USDA inspectors were also among the tens of thousands of federal employees who were offered a buyout or early retirement in exchange for walking away from their jobs. In a piece published this week, NPR spoke with one of them, a meat and poultry plant inspector in Wisconsin who worked in the role for 38 years. Now, she told NPR, because of these cutbacks, inspectors that once had to inspect 4 plants per day are expected to inspect 8. A feat which, according to the inspector, is impossible to do. Which means that meat and poultry inspections are either being done hastily or not at all. But in a statement emailed to NPR, the USDA claimed that front-line inspectors and veterinarians from the agency were exempt from the offer of early retirement. They claimed inspectors were not given the opportunity to walk away from the job, because of the essential nature of their work. Interesting, considering NPR literally spoke to someone who did. In fact, NPR revealed it had “reviewed emails sent from USDA officials urging inspectors to take the early retirement deal and confirming their eligibility for it, as well as a document listing eligible job categories, including consumer safety inspector and slaughterhouses inspectors.” A boldfaced lie coming from the department tasked with making sure there isn’t literal shit in my food does not bode well. This, on top of chaos at the FDA, where scientists are supposed to test foods for contaminations, and staffing cuts at the CDC, tasked with communicating important foodborne illness outbreaks and recalls with the public, means that every level of our food system, from the fields to the factories to the grocery stores, is less monitored and at greater risk of making all of us sick.
In the face of these roll backs, Secretary of Agriculture Brooke Rollins, who used to serve as ethics advisor to Texas governor Rick Perry, to give you a sense of her legal acumen, announced gleefully that the USDA has graciously extended funding to the states to manage their own food inspections–a whopping sum of $14.5 million. I reread the announcement a couple of times, and I’m quite certain that sum is the total of all money given to states in this new wave of funding. If my math is correct, which it rarely is, that’s less than $300,000 per state. To take over the monumental task that the federal government is abandoning, one that necessarily requires federal oversight because food travels across state lines so frequently it is impossible for each individual state to adequately oversee the food coming into and going out of its territory.

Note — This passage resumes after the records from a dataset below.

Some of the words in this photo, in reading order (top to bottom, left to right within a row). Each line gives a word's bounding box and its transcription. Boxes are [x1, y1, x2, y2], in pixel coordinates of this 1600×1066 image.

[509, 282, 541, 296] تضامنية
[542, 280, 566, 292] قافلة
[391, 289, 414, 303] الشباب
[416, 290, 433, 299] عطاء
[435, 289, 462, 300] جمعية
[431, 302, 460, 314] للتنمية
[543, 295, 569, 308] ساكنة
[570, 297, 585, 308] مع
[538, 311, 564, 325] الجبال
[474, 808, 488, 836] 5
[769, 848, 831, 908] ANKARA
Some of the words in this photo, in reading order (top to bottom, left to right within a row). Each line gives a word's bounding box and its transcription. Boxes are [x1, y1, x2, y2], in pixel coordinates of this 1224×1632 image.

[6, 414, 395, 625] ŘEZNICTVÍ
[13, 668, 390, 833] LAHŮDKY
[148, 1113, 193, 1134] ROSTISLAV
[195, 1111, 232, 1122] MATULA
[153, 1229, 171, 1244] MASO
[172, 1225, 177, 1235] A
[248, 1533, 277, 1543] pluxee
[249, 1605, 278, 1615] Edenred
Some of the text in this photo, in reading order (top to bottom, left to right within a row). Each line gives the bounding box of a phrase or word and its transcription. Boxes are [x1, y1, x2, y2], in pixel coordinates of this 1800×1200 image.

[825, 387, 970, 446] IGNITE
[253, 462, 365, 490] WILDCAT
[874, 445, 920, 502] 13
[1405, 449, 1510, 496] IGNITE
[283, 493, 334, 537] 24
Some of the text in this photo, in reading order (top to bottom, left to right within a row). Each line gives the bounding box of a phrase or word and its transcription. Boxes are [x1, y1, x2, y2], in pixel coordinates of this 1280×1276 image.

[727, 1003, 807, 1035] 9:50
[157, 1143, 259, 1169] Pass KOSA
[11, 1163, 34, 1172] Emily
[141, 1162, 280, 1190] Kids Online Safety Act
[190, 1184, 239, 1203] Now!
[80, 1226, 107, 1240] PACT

The announcement from the USDA, which assures Americans that this much-needed funding will protect the safety of the meat and poultry that lands on their tables, is nothing short of state-sponsored propaganda. A drop in the bucket, fluffed up to look like something more than it is. Meanwhile, outbreaks are happening and the Trump administration is purposefully not reporting them to the public.
And it is outright dangerous to leave food safety in the hands of individual states. It silos the states, restricting their access to information and their ability to coordinate efforts to contain new outbreaks. That single e.coli outbreak I mentioned spread across 15 states, each of which may not have known about the other infections had they been solely managing the food safety within their borders. And when you have states enacting their own food safety measures, that also means food will move through states with varying levels of safety. So you may live in a state with strict food safety standards, but that beef you’re eating was produced five states away and had to pass through a whole host of varying levels of safety measures to get to your plate. Without a federal apparatus to normalize these standards, the patchwork of regulations it would create would also be unwieldy and bad for health outcomes.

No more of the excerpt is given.